PROBLEM DESCRIPTION:
Transcribe all the entries word for word, but omit the images.

[Stored items]
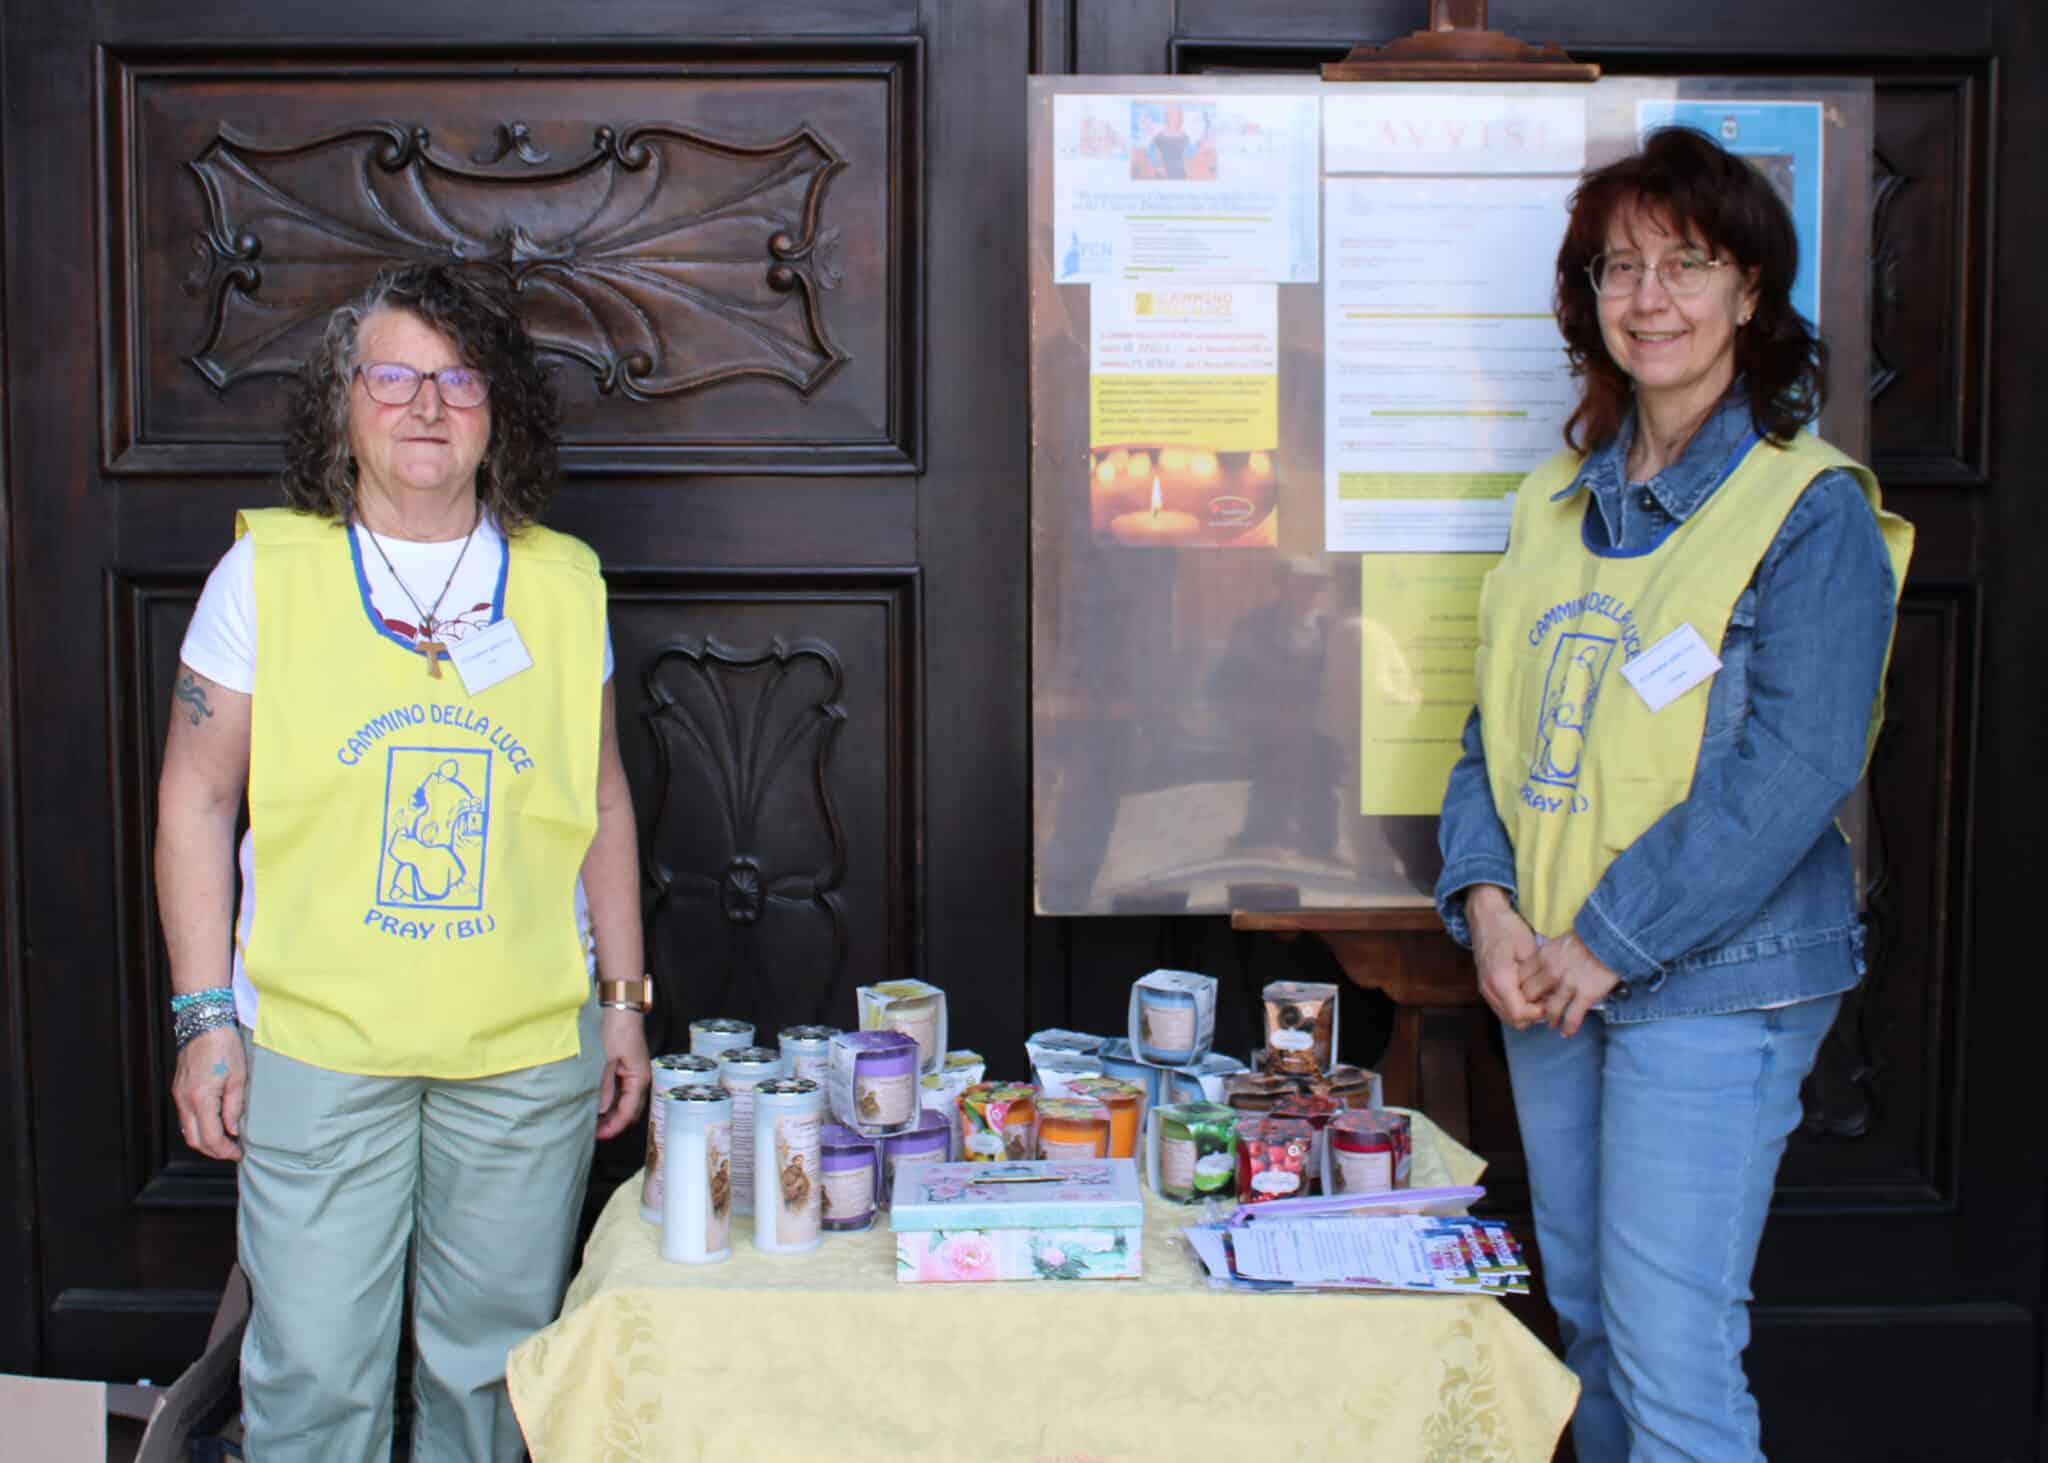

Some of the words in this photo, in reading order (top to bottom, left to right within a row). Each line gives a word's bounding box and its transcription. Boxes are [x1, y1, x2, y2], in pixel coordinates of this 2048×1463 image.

[1377, 119, 1551, 150] AVVISI
[1528, 598, 1587, 646] CAMMIN
[337, 703, 426, 766] CAMMINO
[429, 703, 491, 735] DELLA
[489, 726, 536, 775] LUCE
[363, 908, 436, 940] PRAY
[445, 914, 496, 940] (BI)

WRITTEN SOLUTION:
Some of the words in this photo, in reading order (top to bottom, left to right within a row). Each line gives a word's bounding box and its transcription. Boxes are [x1, y1, x2, y2], in pixel coordinates of this 2048×1463 image.

[1377, 119, 1551, 150] AVVISI
[1528, 598, 1587, 646] CAMMIN
[337, 703, 426, 766] CAMMINO
[429, 703, 491, 735] DELLA
[489, 726, 536, 775] LUCE
[363, 908, 436, 940] PRAY
[445, 914, 496, 940] (BI)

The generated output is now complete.